BEGIN

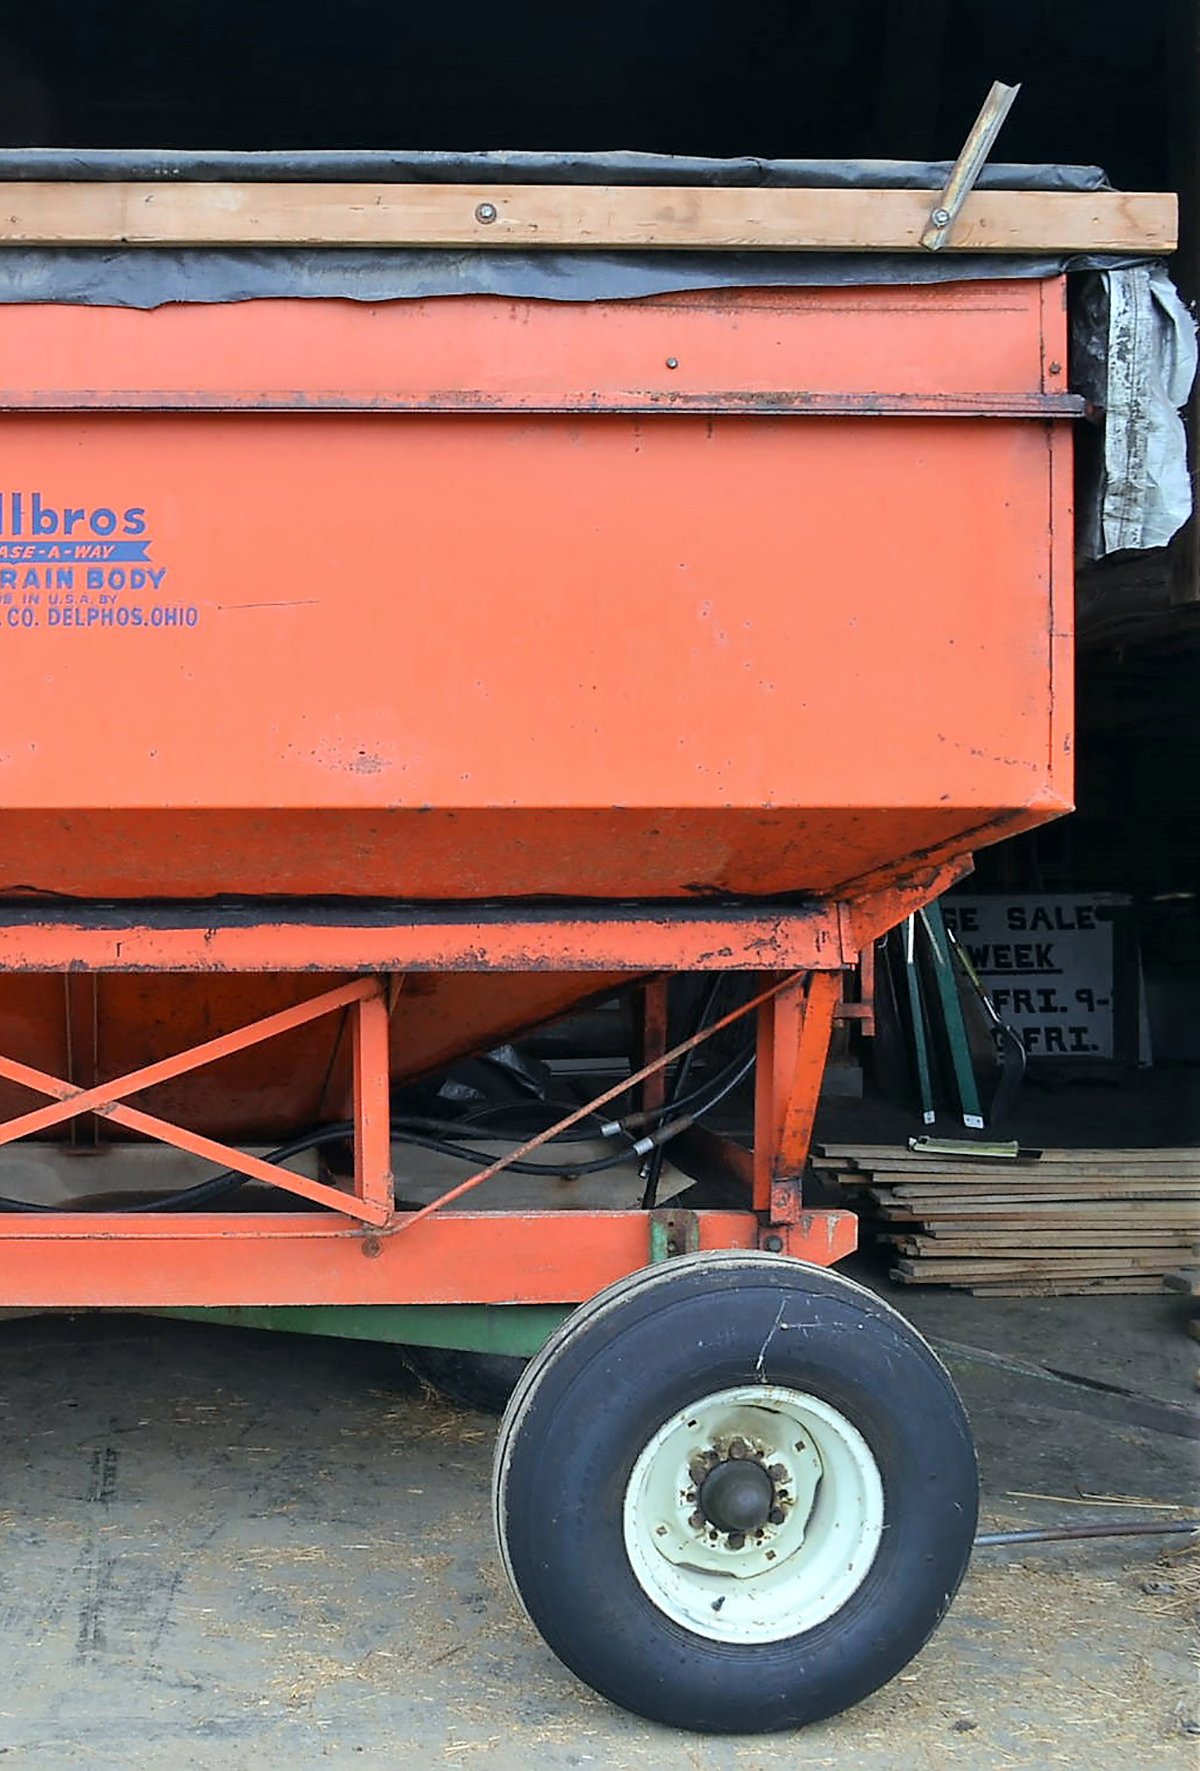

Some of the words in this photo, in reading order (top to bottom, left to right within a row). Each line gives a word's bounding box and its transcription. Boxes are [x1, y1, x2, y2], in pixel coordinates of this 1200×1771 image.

[86, 567, 166, 590] BODY
[22, 594, 39, 604] IN
[48, 594, 93, 604] U.S.A.
[99, 594, 117, 604] BY
[7, 608, 39, 627] CO.
[1007, 906, 1096, 930] SALE
[965, 944, 1054, 968] WEEK
[992, 988, 1068, 1013] FRI.
[1022, 1026, 1099, 1052] FRI.
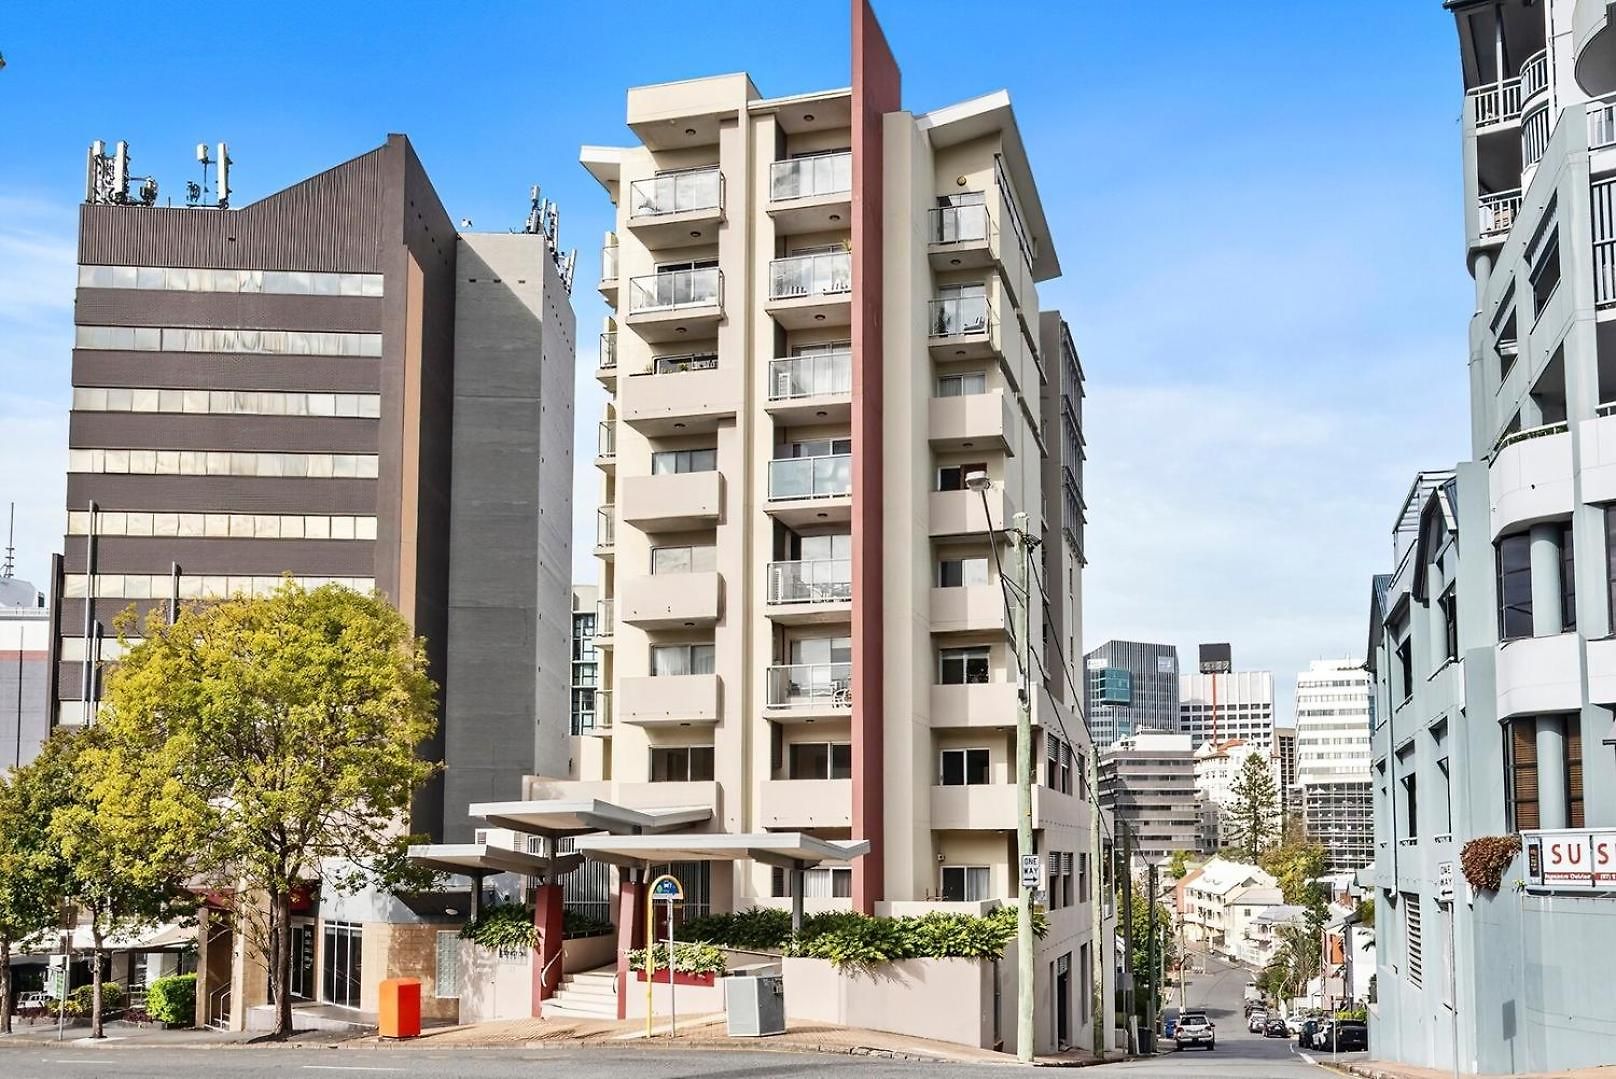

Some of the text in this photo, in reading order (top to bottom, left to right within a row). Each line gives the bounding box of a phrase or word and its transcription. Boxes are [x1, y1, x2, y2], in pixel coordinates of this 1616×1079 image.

[1551, 843, 1616, 865] SUS
[1024, 857, 1038, 865] ONE
[1440, 864, 1452, 875] ONE
[1440, 878, 1452, 886] WAY

END

## PROBLEM TO SOLVE
In the entries, the line containing "Some of the text" and every line after it through the last are to be duplicated exactly, and no other line is to be included.

## SOLUTION TO THE EXERCISE
Some of the text in this photo, in reading order (top to bottom, left to right within a row). Each line gives the bounding box of a phrase or word and its transcription. Boxes are [x1, y1, x2, y2], in pixel coordinates of this 1616×1079 image.

[1551, 843, 1616, 865] SUS
[1024, 857, 1038, 865] ONE
[1440, 864, 1452, 875] ONE
[1440, 878, 1452, 886] WAY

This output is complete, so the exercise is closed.